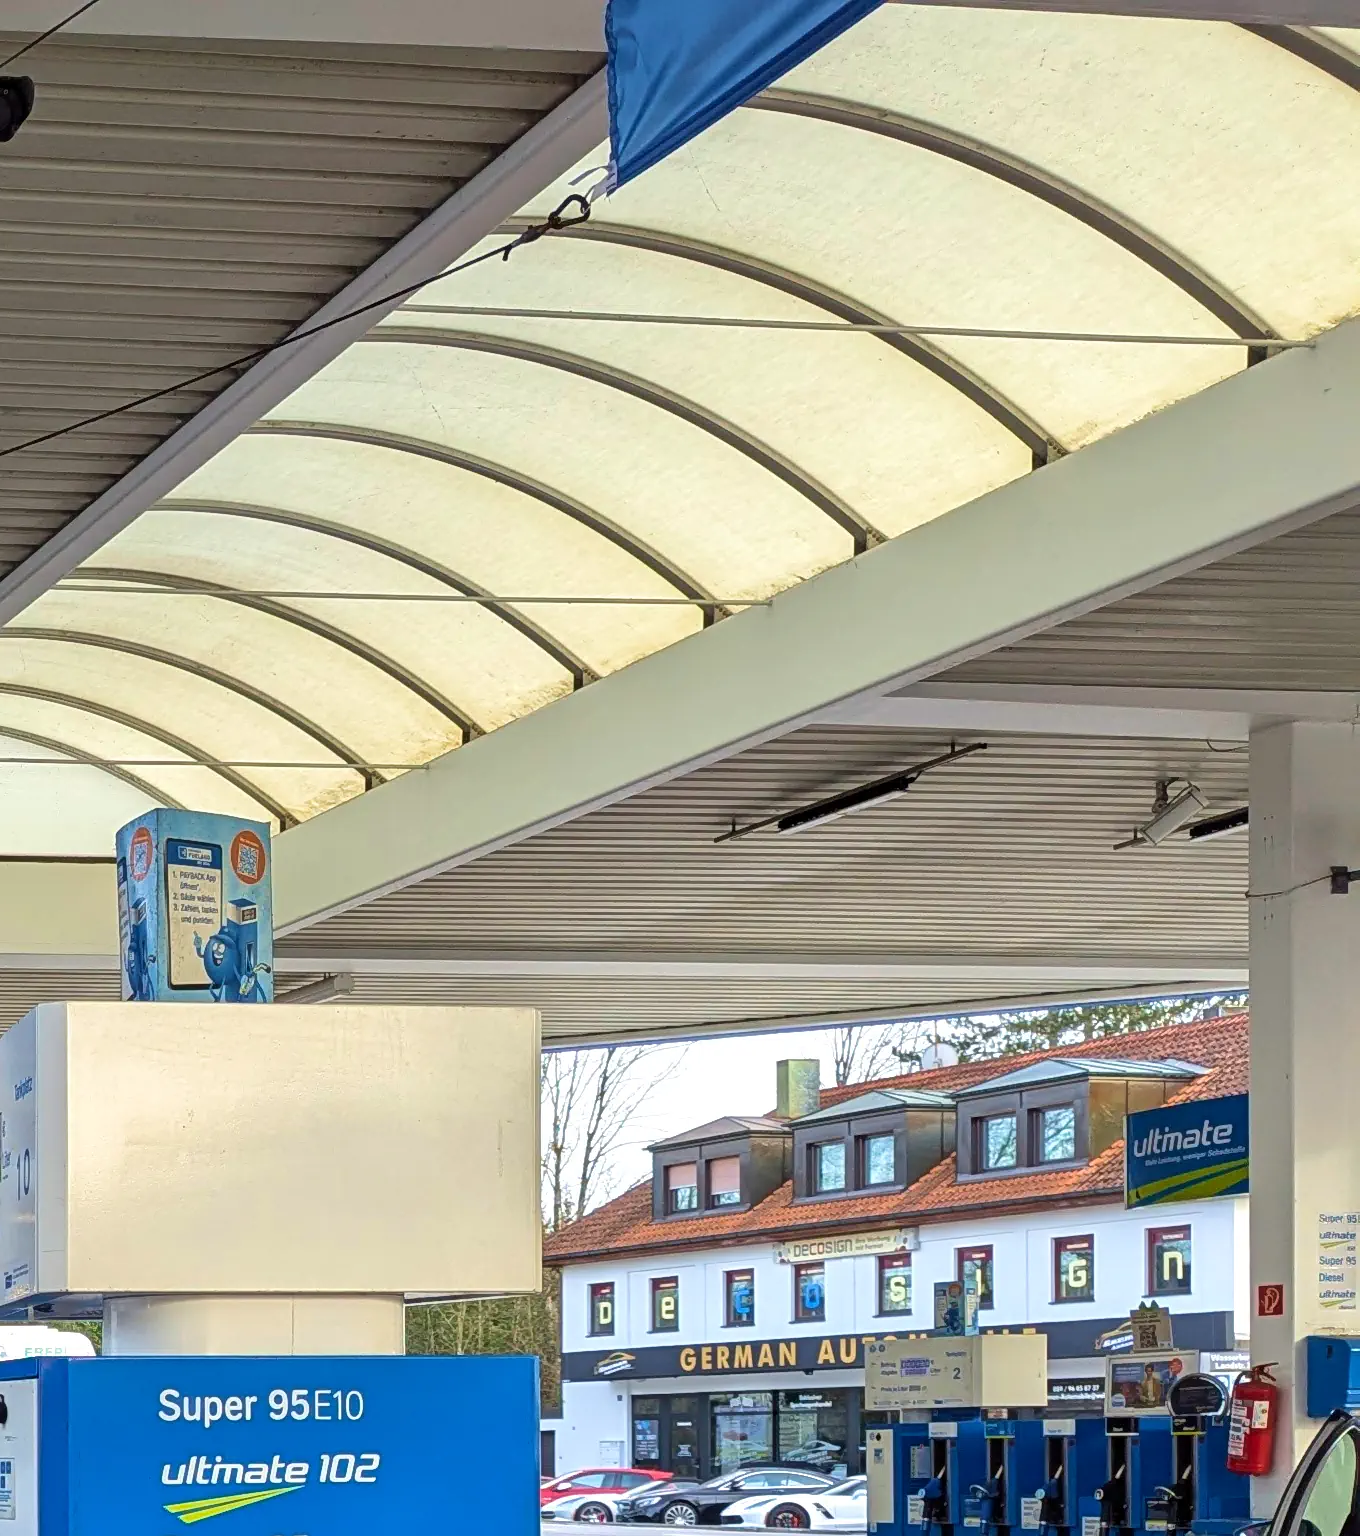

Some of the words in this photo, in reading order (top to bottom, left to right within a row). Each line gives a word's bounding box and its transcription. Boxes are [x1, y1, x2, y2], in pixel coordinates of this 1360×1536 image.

[206, 873, 217, 883] App
[1133, 1119, 1233, 1158] ultimate
[16, 1147, 31, 1201] 10
[1319, 1213, 1344, 1225] Super
[1319, 1231, 1356, 1240] ultimate
[1319, 1256, 1343, 1267] Super
[1346, 1256, 1357, 1265] 95
[1068, 1258, 1088, 1288] G
[1319, 1273, 1344, 1282] Diesel
[1319, 1289, 1356, 1299] ultimate
[679, 1342, 797, 1372] GERMAN
[952, 1367, 961, 1380] 2
[158, 1388, 258, 1428] Super
[161, 1454, 309, 1486] ultimate
[318, 1453, 381, 1484] 102
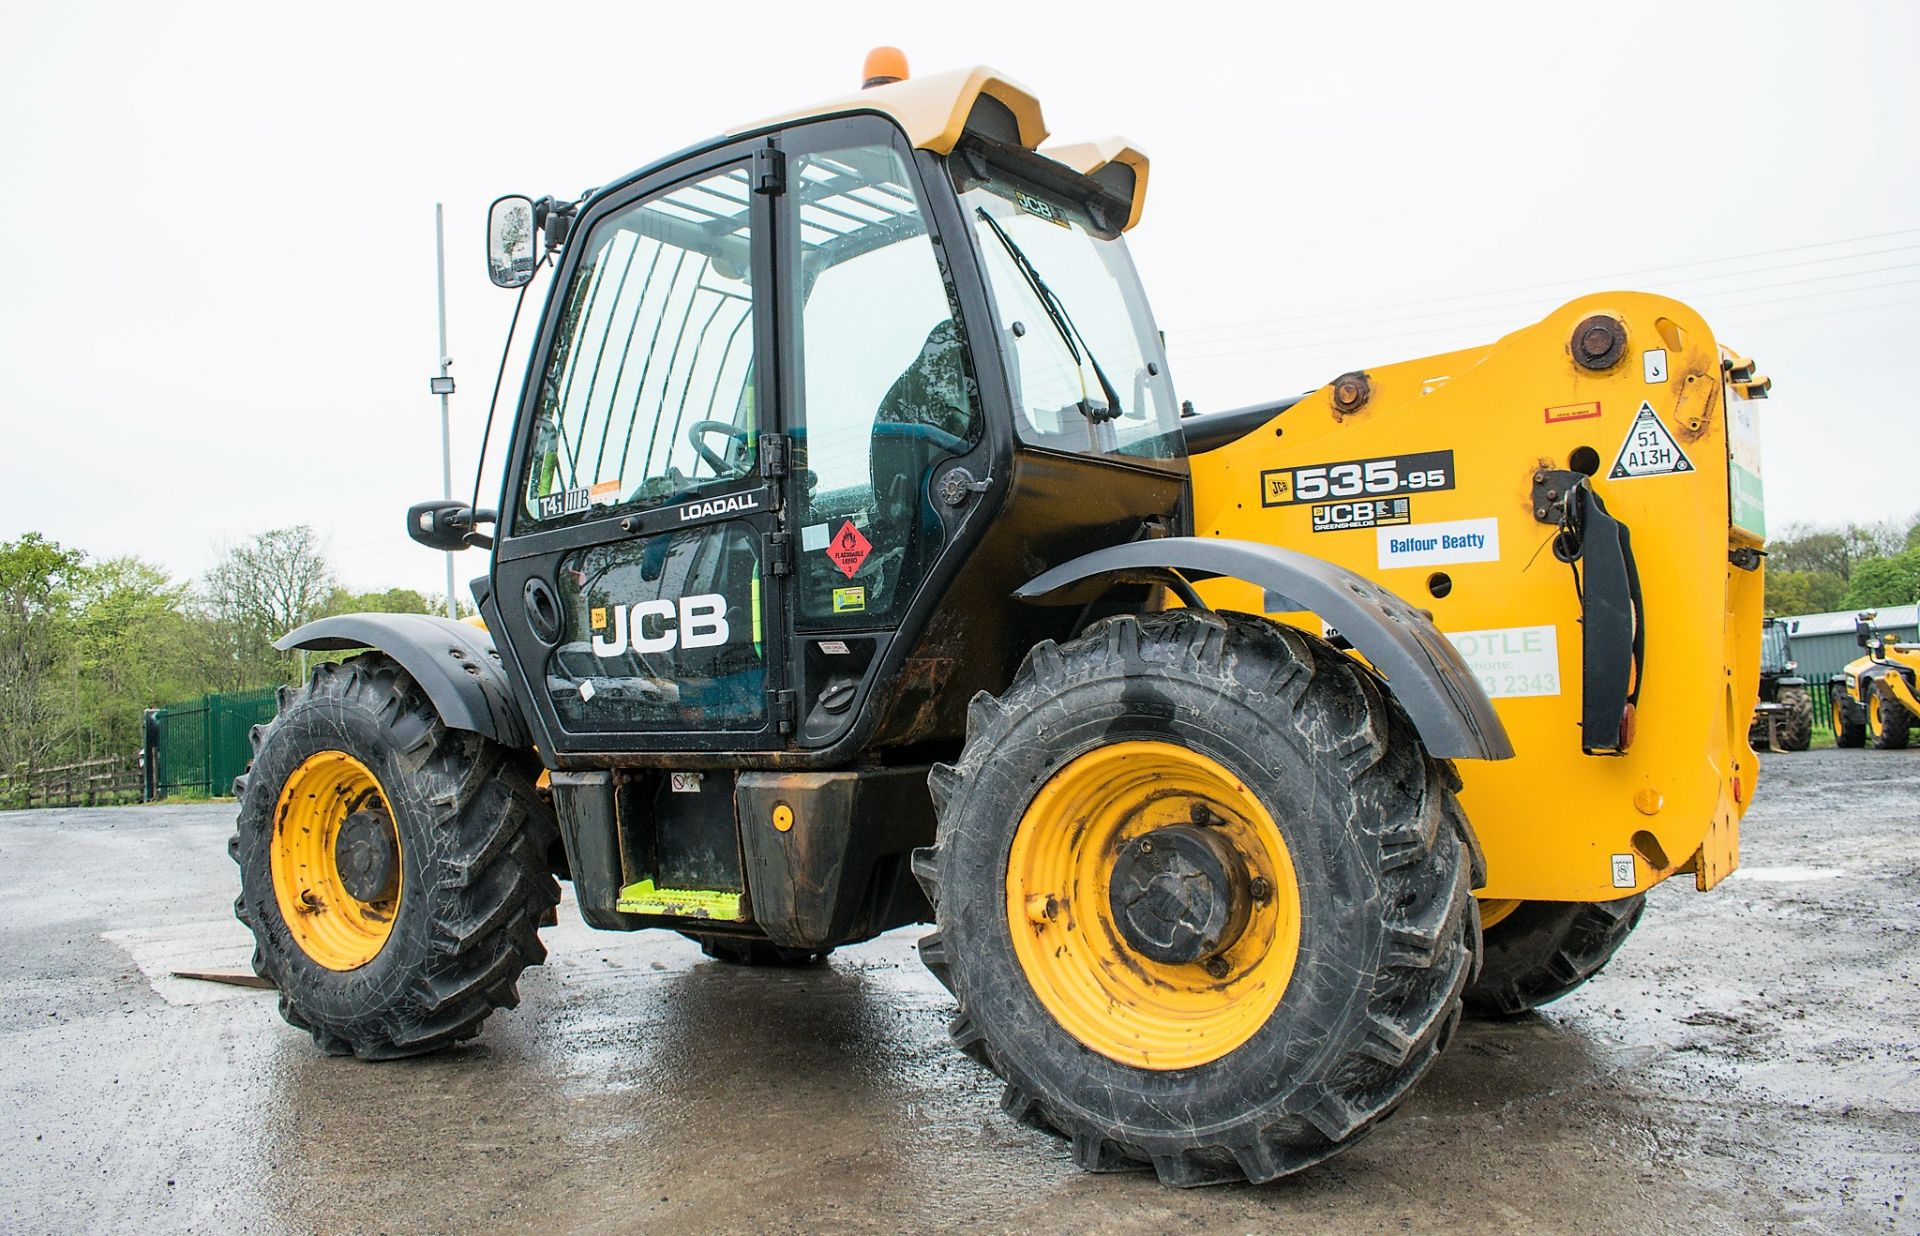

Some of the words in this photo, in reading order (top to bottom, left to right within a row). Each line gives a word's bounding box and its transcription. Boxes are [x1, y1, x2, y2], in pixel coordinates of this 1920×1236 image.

[1020, 193, 1053, 218] JCB
[1638, 431, 1659, 447] 51
[1272, 479, 1288, 494] JCB
[680, 494, 758, 521] LOADALL
[1313, 502, 1375, 524] JCB
[1314, 519, 1375, 531] GREENSHIELDS
[1390, 538, 1438, 554] Balfour
[1442, 533, 1485, 550] Beatty
[592, 593, 729, 658] JCB
[1457, 631, 1543, 656] OTLE
[1504, 673, 1555, 693] 2343
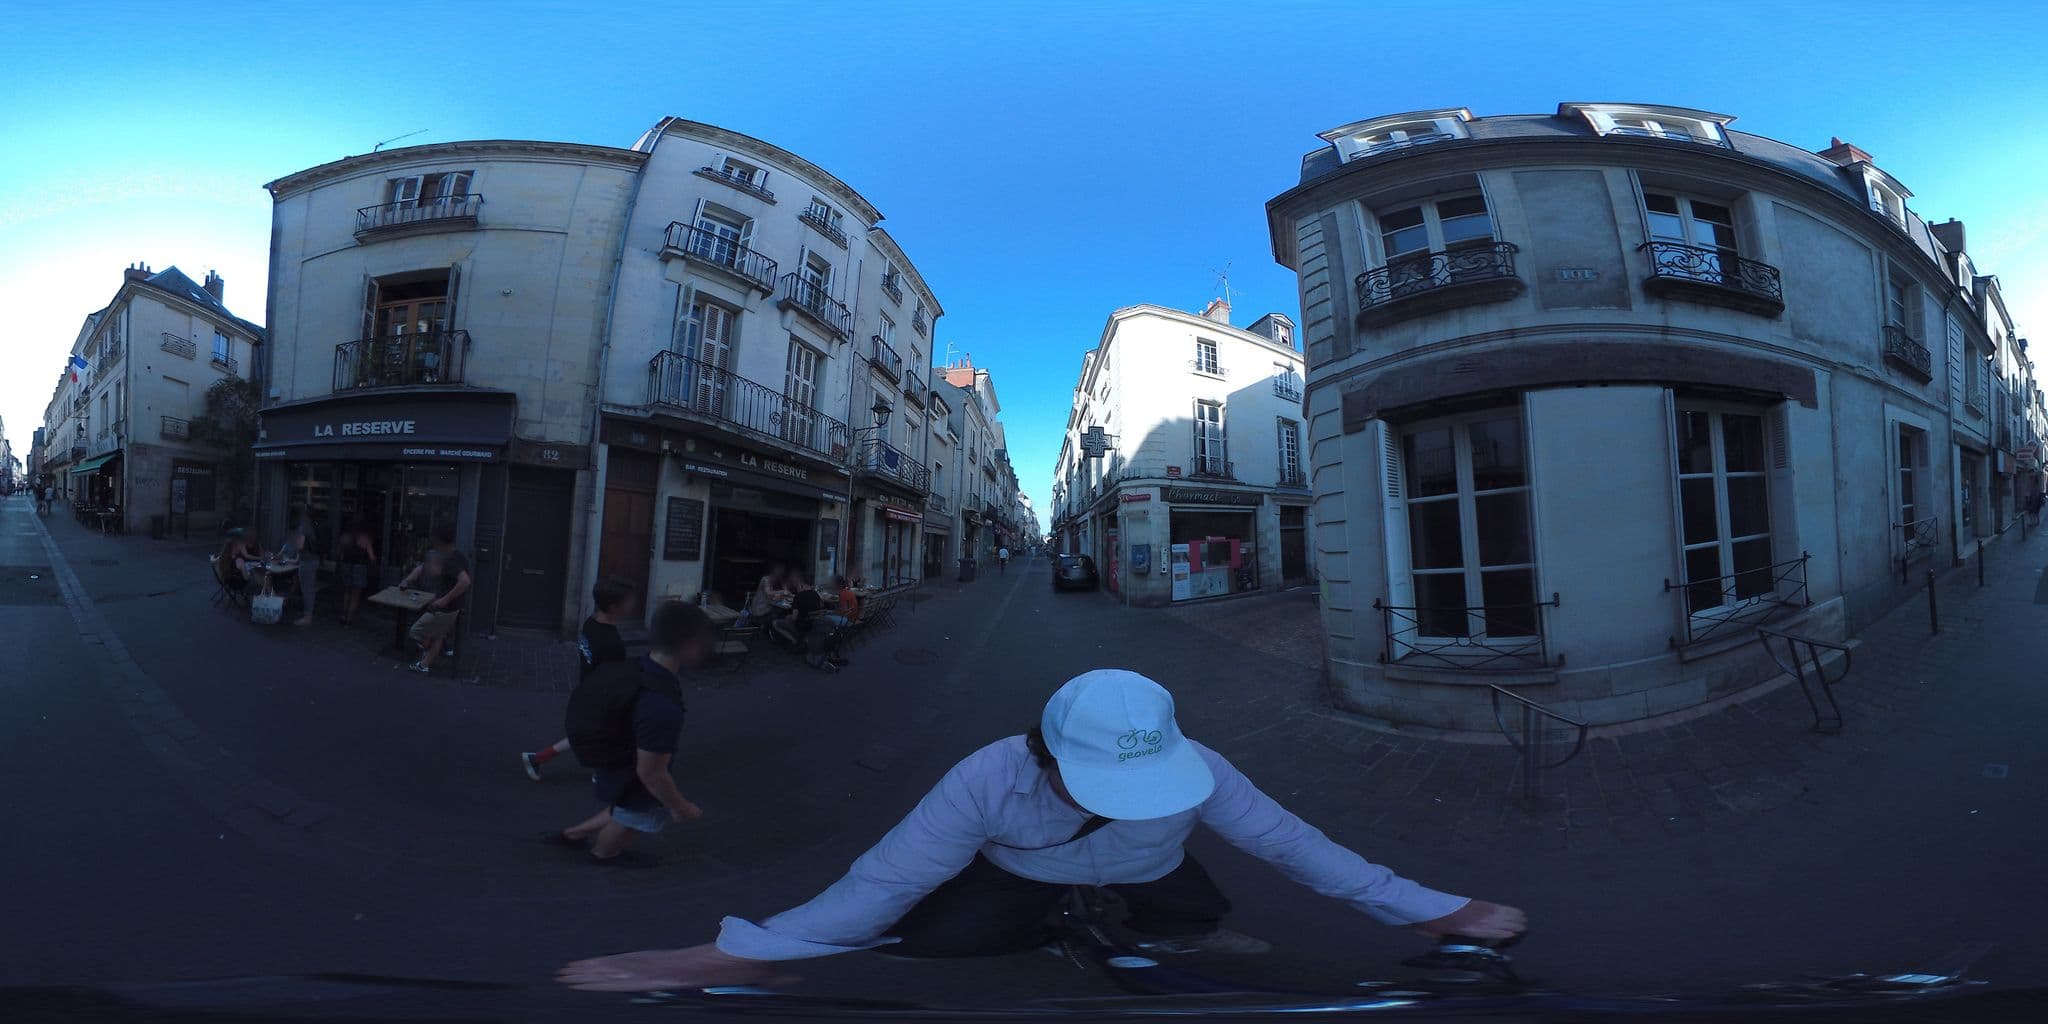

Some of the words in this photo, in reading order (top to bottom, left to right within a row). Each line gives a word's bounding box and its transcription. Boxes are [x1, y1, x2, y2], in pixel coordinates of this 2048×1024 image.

[314, 424, 334, 437] LA
[342, 420, 415, 436] RESERVE
[544, 449, 560, 461] 82
[741, 453, 757, 467] LA
[764, 460, 807, 480] RESERVE
[1119, 745, 1161, 762] geovelo

--- What you will do ---
Output only the lines from the one with "this 2048×1024 image." through the last line of the entries above; please keep them exact.

--- Solution to the problem ---
Some of the words in this photo, in reading order (top to bottom, left to right within a row). Each line gives a word's bounding box and its transcription. Boxes are [x1, y1, x2, y2], in pixel coordinates of this 2048×1024 image.

[314, 424, 334, 437] LA
[342, 420, 415, 436] RESERVE
[544, 449, 560, 461] 82
[741, 453, 757, 467] LA
[764, 460, 807, 480] RESERVE
[1119, 745, 1161, 762] geovelo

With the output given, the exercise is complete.